The following should be in your Grammar class:

public Grammar()
This is the constructor. It creates a new, empty grammar. The one thing this constructor needs to do is to create a new, empty HashMap to hold definitions. The keys will be Strings, while the values will be ArrayLists of ArrayLists of Strings. Use generics to enforce this.
public void addRule(String ruleText) throws IllegalArgumentException
This method adds rules to the grammar. The argument is a String containing the nonterminal being defined, the symbol ::=, and one or more definitions separated by the | symbol, meaning "or."

This is where you will need to use the StringTokenizer, to break up the input argument into tokens.

If the rule has more than one definition, treat it as more than one rule. For example, if ruleText is "<sign> ::= + | -", you should get the same result as if you had called addRule with "<sign> ::= +", and then called it again with "<sign> ::= -".

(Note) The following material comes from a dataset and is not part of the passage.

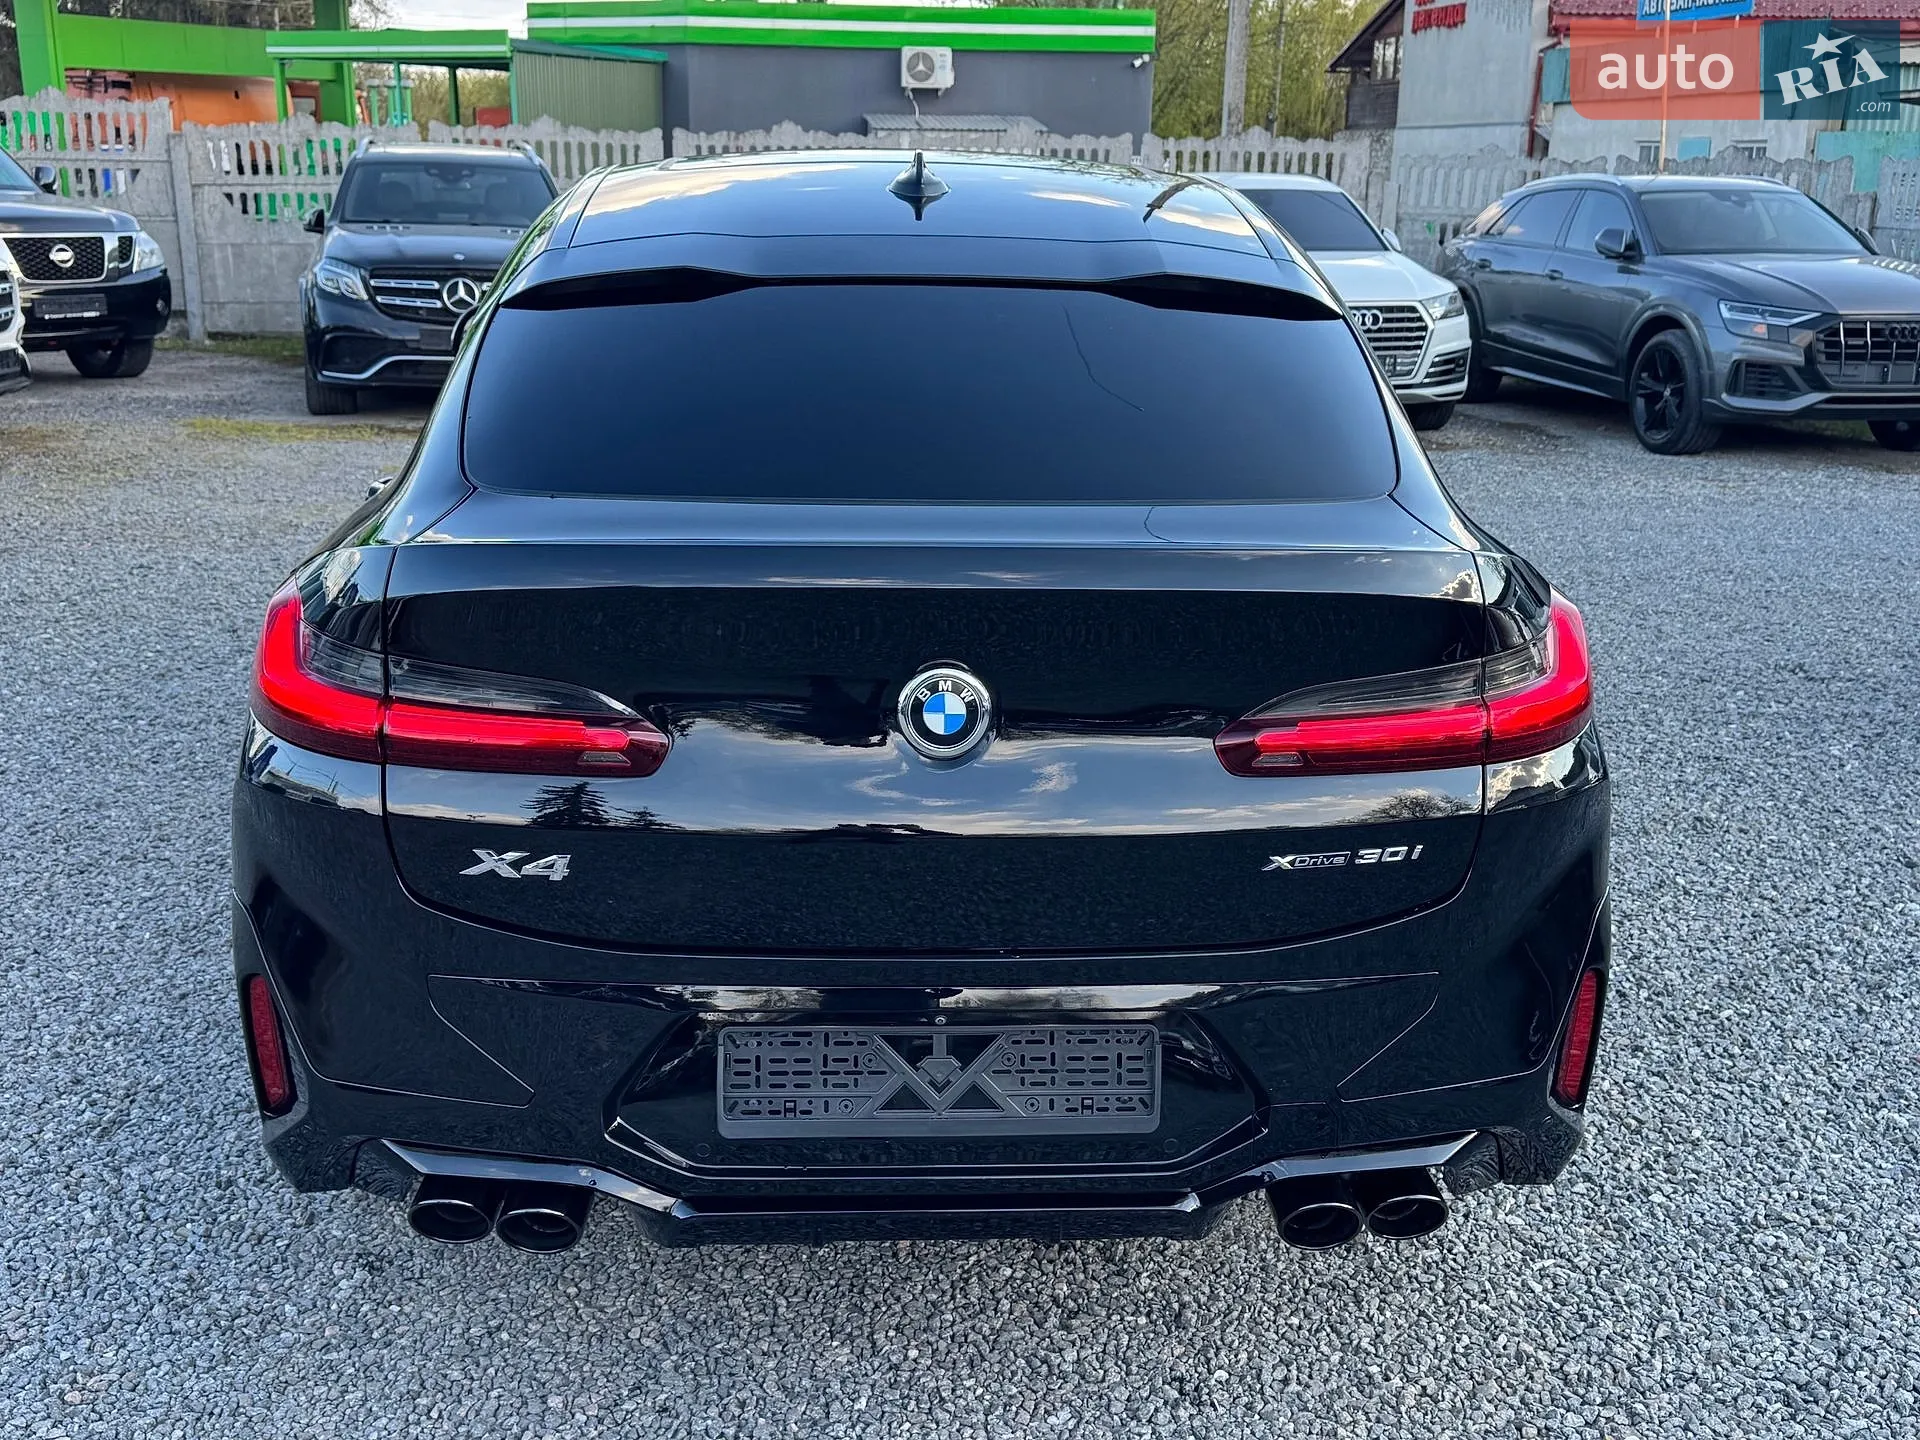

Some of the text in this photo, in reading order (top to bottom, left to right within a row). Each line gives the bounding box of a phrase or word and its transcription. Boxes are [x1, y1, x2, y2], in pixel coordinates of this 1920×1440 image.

[916, 680, 975, 703] BMW
[458, 848, 572, 881] X4
[1355, 844, 1424, 865] 30i

For each rule: If the key (the nonterminal being defined) is not in the HashMap, add it along with its definition. But if it is already in the HashMap, then you should add it to the list of definitions already present
public static boolean isTerminal(String token)
Returns true if the given token is a terminal, false if it is a nonterminal. (A token is a nonterminal if it begins with a '<', ends with a '>', and is at least 3 characters long.)
public ArrayList<ArrayList<String>> getDefinitions(String nonterminal)
Given a nonterminal, returns its definitions. (If given a terminal, returns null.)
public static Grammar read()
Reads in and returns a Grammar object. (You can use LineReader and addRule in this method.)
public void print()
Prints this Grammar neatly, on multiple lines.


The Generator class

This is the "main" class for this assignment; it has a public static main(String[] args) method, and it uses your Tree class and the above Grammar class. It should contain at least the following:

No constructor
You can just use the default constructor.
public static void main(String[] args)
I recommend "escaping static" by having this method create a Generator and calling a non-static method of it; for example, you might write a void main() method, and have this method call new Generator().main().

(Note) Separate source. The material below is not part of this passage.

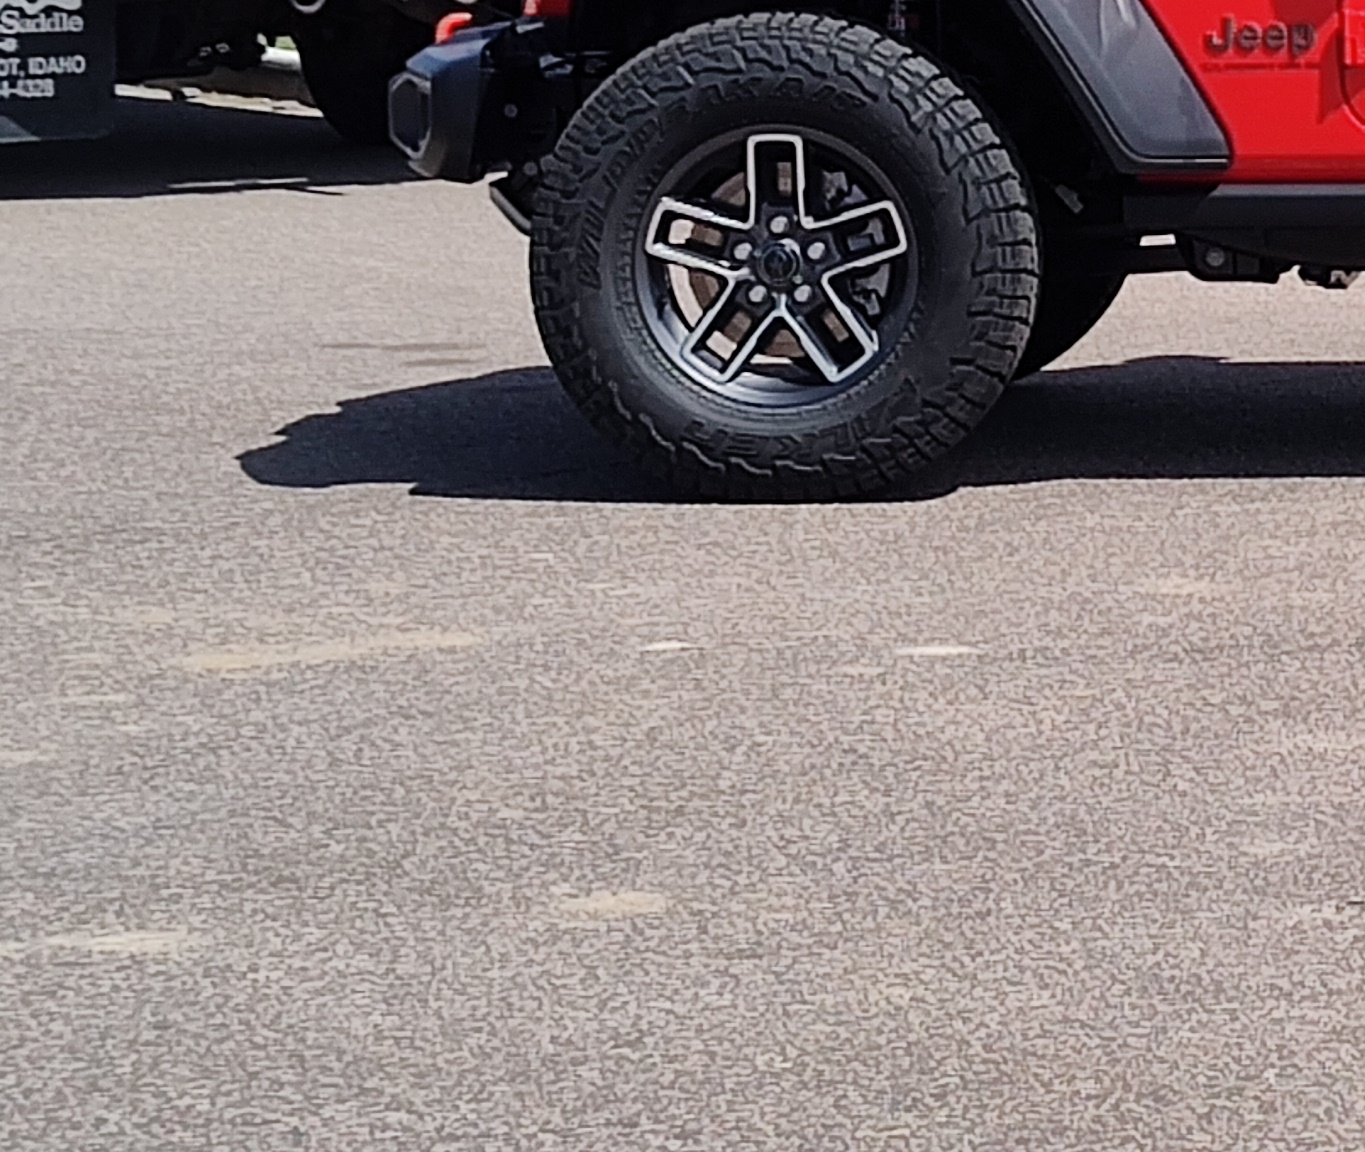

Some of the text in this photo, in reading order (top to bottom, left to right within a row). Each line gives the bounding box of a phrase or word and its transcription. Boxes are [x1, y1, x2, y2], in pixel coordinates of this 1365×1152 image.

[0, 10, 84, 35] Saddle
[1204, 14, 1318, 58] Jeep
[28, 54, 86, 75] IDAHO

Whether you do it here or in a separate method (like main()), the program should:
  1. Ask the user for a file containing a grammar, and read it in (creating a Grammar object).
  2. Print the grammar.
  3. Call generateRandomTree to create a random tree using this grammar, with <start> at the root.
    • Important note: Although the result should be random, that doesn't mean that, when a nonterminal has several definitions, each has to be equally likely to be chosen. If all definitions are equally likely, you might get extremely large (or even infinite!) trees. It's best if you randomly choose "shorter" definitions more often than "longer" ones.
  4. Print the tree, using the toLongString method of your Tree class.
  5. Print the tree as a "sentence," using the printAsSentence method of this class.
  6. Ask the user if she wants to generate another tree. If so, continue from step 3.
  7. Ask the user if she wants to read in another grammar. If so, continue from step 1.
public Tree<String> generateRandomTree(Grammar grammar, String term)
Expands the given term into a Tree of Strings, where the leaves of the tree are all terminals. If the term is itself a terminal, returns a Tree consisting of a single node, with term as its value. This method is to be written as a recursive method.
public void printAsSentence(Tree<String> tree)
Traverses the tree, printing the value each leaf. The first leaf encountered should be printed with an initial capital letter; put a space between the values; and end with a period. This method is to be written as a recursive method.


All non-private elements should have a well-written Javadoc comment. Remember that a Javadoc comment is supposed to tell the user everything s/he needs to know in order to use that element.

Generate the Javadoc and look it over before you turn in your program.

Provided files and sample-grammar.txt.

Due date

Zip up and turn in your complete project, including all test files and the generated Javadoc, via Blackboard, before midnight, Friday, January February 12.